How AI4Health.Cro supported a micro-enterprise through technical, clinical and business development
A promising healthcare technology often needs different types of support at different stages. Early on, the key need may be technical. Later, clinical validation becomes critical. Finally, the company must prepare for commercialisation, investment and market entry.
Digicyte d.o.o., a Croatian micro-enterprise, is developing software that doubles the resolution of medical microscopy images without expensive hardware upgrades. Its proprietary Sparse Deconvolution algorithm is designed to help clinical pathology laboratories improve diagnostic image quality in a cost-effective way.
Despite scientifically validated technology, Digicyte faced several commercialisation barriers. The algorithm delivered strong results, with 2 to 3 times resolution enhancement, but was too slow for clinical workflows.

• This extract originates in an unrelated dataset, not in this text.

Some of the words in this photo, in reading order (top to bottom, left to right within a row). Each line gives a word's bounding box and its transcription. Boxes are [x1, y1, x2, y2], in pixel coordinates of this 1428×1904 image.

The company also lacked direct feedback from pathologists and real-world hospital validation, and it needed stronger commercialisation strategy and resources.

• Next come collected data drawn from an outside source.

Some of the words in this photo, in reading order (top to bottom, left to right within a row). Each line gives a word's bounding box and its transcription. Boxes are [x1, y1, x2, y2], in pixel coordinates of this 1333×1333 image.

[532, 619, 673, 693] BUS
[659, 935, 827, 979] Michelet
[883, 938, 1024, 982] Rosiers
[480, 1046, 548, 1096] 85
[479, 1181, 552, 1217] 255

AI4Health.Cro supported Digicyte through a progressive three-phase partnership that evolved with the company’s maturity.
In the first phase, from October 2023 to April 2024, AI4Health.Cro provided foundational support, including workshops in digital health technologies, Digital Maturity Assessment, access to a GPU cluster at the Ruđer Bošković Institute with four Nvidia GPUs, and hospital demonstrations at Dom zdravlja Zagreb-Centar.
In the second phase, from June 2024 to June 2025, the focus moved to technical development and clinical validation. AI4Health.Cro provided extended infrastructure access, systematic performance analysis, usability testing, concept verification at Sestre milosrdnice University Hospital Centre and OŽB Požega, and a three-month clinical pilot at Sestre milosrdnice University Hospital Centre. The pilot generated real-world evidence from practicing pathologists.
In the third phase, from July 2025 to January 2026, Digicyte received commercialisation support, including visioning and strategy development for international expansion, continued technical optimisation, project development guidance, legal and regulatory guidance, and strategic networking through a customised Discovery Matchmaking Event.
The Project Summary identifies several impacts: the algorithm was optimised from prototype to clinically viable solution, the hospital pilot generated regulatory and sales evidence, and business support helped position Digicyte as an investment-ready commercial venture with a clearer market entry path.
Digicyte is now positioned for market entry and seed fundraising, with medium-term goals targeting Croatian commercial sales and regional expansion to Slovenia, Austria and Italy. The long-term vision is European market leadership in software-based microscopy enhancement, with potential global expansion.